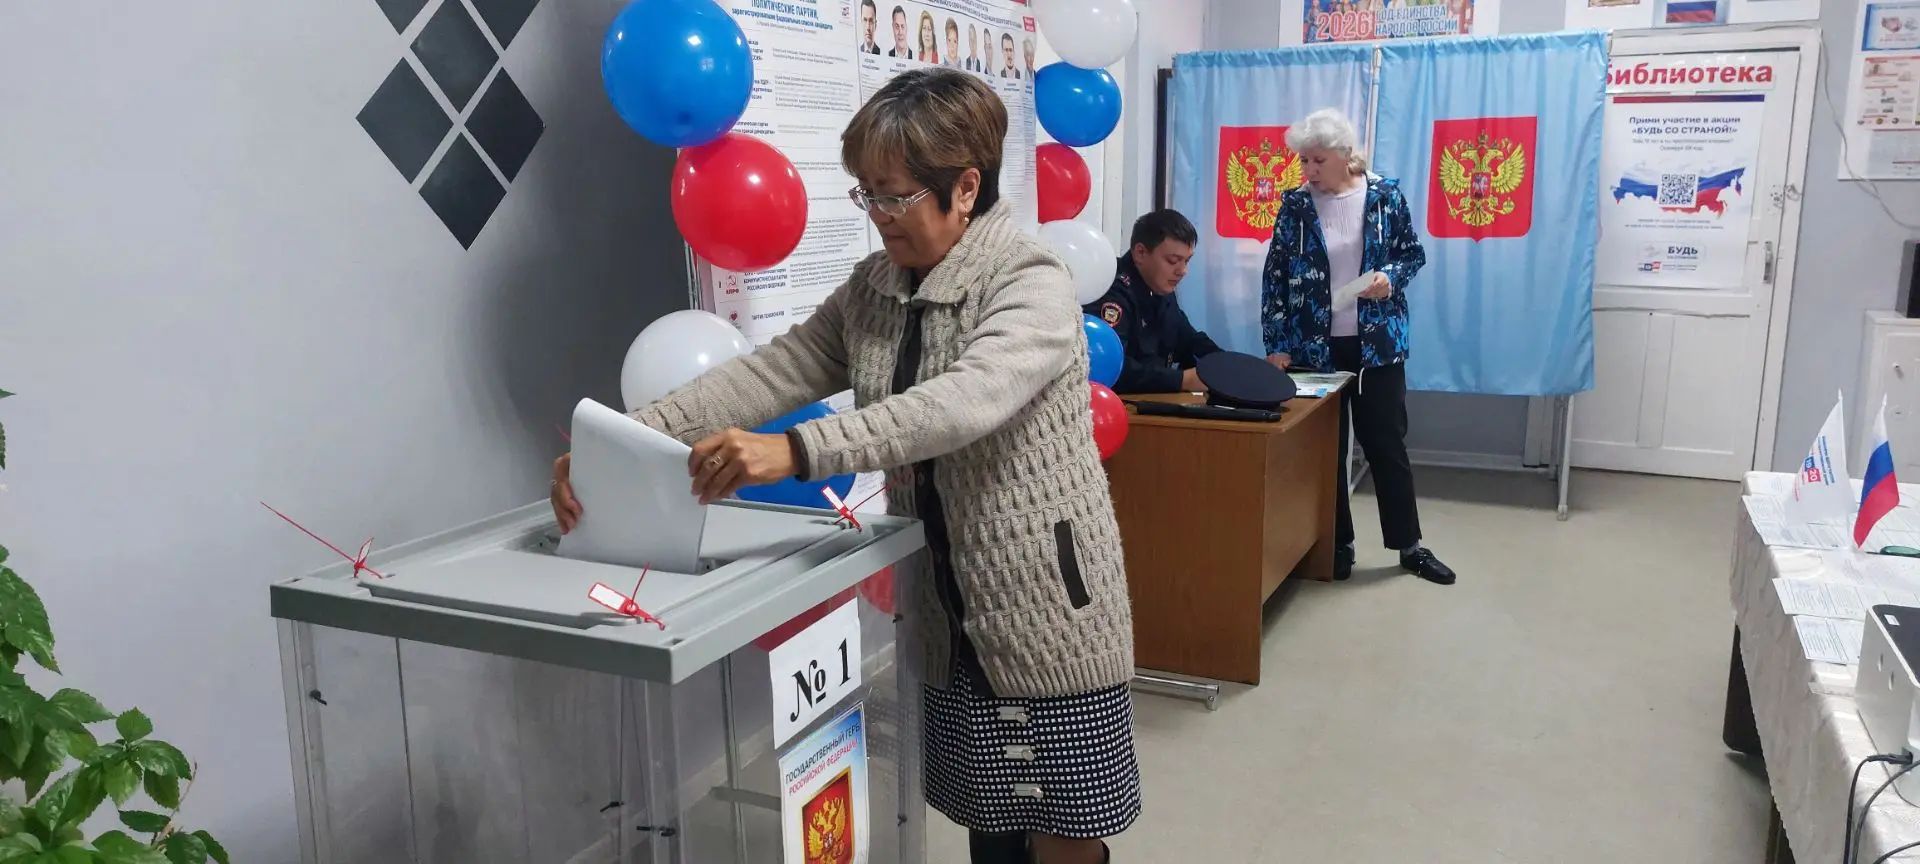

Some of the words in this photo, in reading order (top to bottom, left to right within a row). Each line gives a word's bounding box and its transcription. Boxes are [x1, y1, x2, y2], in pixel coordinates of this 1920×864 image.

[1396, 5, 1446, 20] ЕДИНСТВА
[1317, 11, 1371, 39] 2026
[1375, 20, 1418, 35] НАРОДОВ
[1420, 19, 1457, 33] РОССИИ
[1629, 117, 1660, 125] Прими
[1662, 117, 1701, 125] участие
[1632, 126, 1663, 134] «БУДЬ
[1665, 126, 1679, 134] СО
[1681, 125, 1738, 134] СТРАНОЙ!»
[1668, 246, 1698, 255] БУДЬ
[1809, 469, 1818, 481] 20
[790, 659, 827, 722] №
[837, 638, 851, 687] 1
[785, 731, 845, 784] ГОСУДАРСТВЕННЫЙ
[845, 722, 860, 739] ГЕРБ
[789, 760, 826, 796] РОССИЙСКОЙ
[826, 738, 858, 767] ФЕДЕРАЦИИ
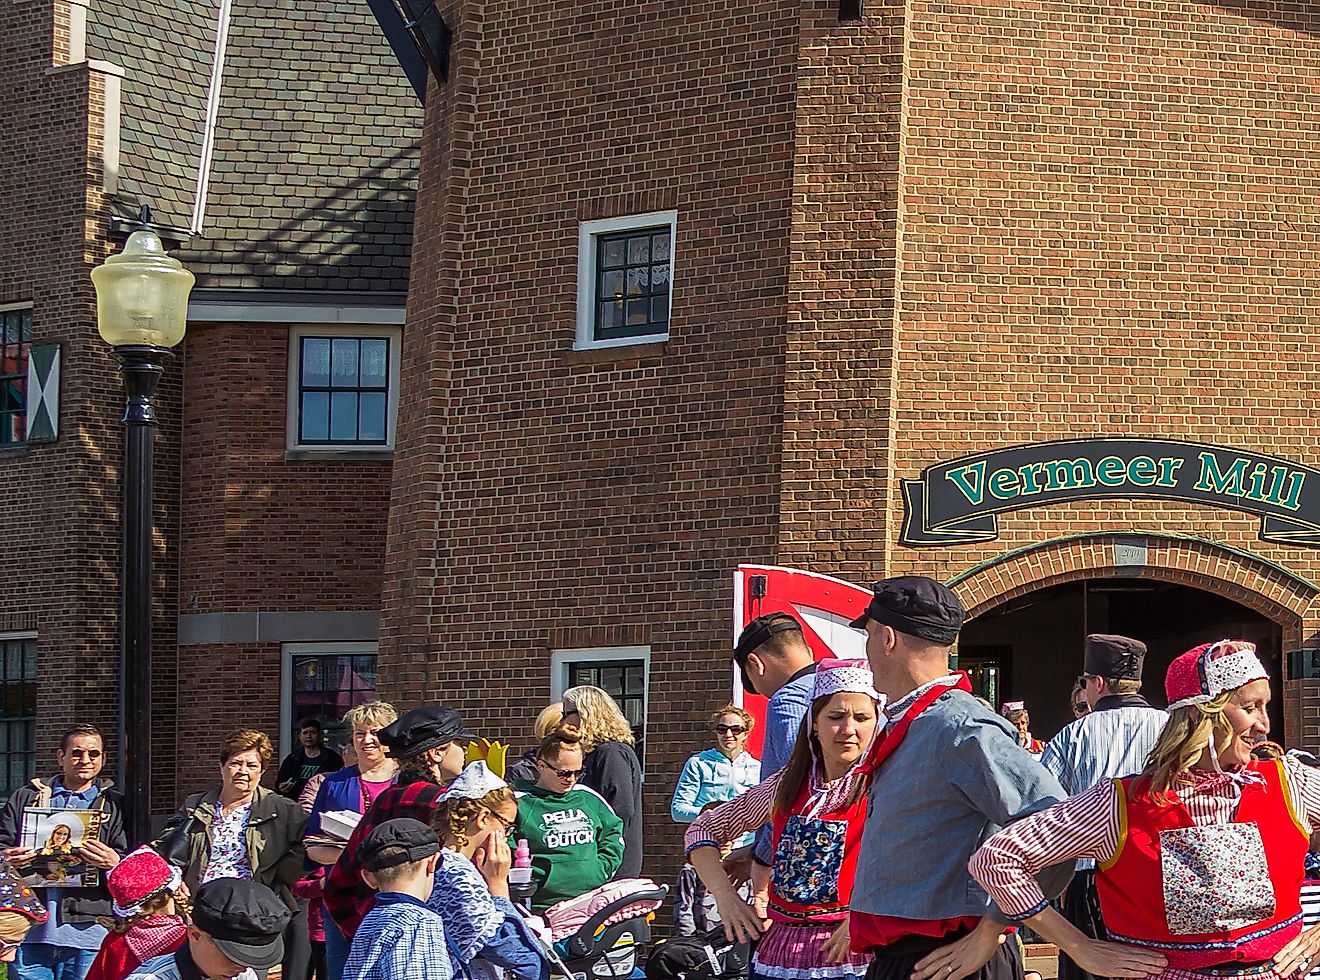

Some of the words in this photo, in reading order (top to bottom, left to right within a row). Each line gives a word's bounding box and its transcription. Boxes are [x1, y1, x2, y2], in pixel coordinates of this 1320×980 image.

[945, 455, 1185, 506] Vermeer
[1193, 451, 1307, 511] Mill
[541, 809, 589, 825] PELLA
[547, 830, 595, 849] DUTCH

• Work item: A faithful copy of every record is needed here. Leave the images out of it.

• Response for this exercise:
Some of the words in this photo, in reading order (top to bottom, left to right within a row). Each line gives a word's bounding box and its transcription. Boxes are [x1, y1, x2, y2], in pixel coordinates of this 1920×864 image.

[1396, 5, 1446, 20] ЕДИНСТВА
[1317, 11, 1371, 39] 2026
[1375, 20, 1418, 35] НАРОДОВ
[1420, 19, 1457, 33] РОССИИ
[1629, 117, 1660, 125] Прими
[1662, 117, 1701, 125] участие
[1632, 126, 1663, 134] «БУДЬ
[1665, 126, 1679, 134] СО
[1681, 125, 1738, 134] СТРАНОЙ!»
[1668, 246, 1698, 255] БУДЬ
[1809, 469, 1818, 481] 20
[790, 659, 827, 722] №
[837, 638, 851, 687] 1
[785, 731, 845, 784] ГОСУДАРСТВЕННЫЙ
[845, 722, 860, 739] ГЕРБ
[789, 760, 826, 796] РОССИЙСКОЙ
[826, 738, 858, 767] ФЕДЕРАЦИИ

Some of the words in this photo, in reading order (top to bottom, left to right within a row). Each line gives a word's bounding box and its transcription. Boxes are [x1, y1, x2, y2], in pixel coordinates of this 1320×980 image.

[945, 455, 1185, 506] Vermeer
[1193, 451, 1307, 511] Mill
[541, 809, 589, 825] PELLA
[547, 830, 595, 849] DUTCH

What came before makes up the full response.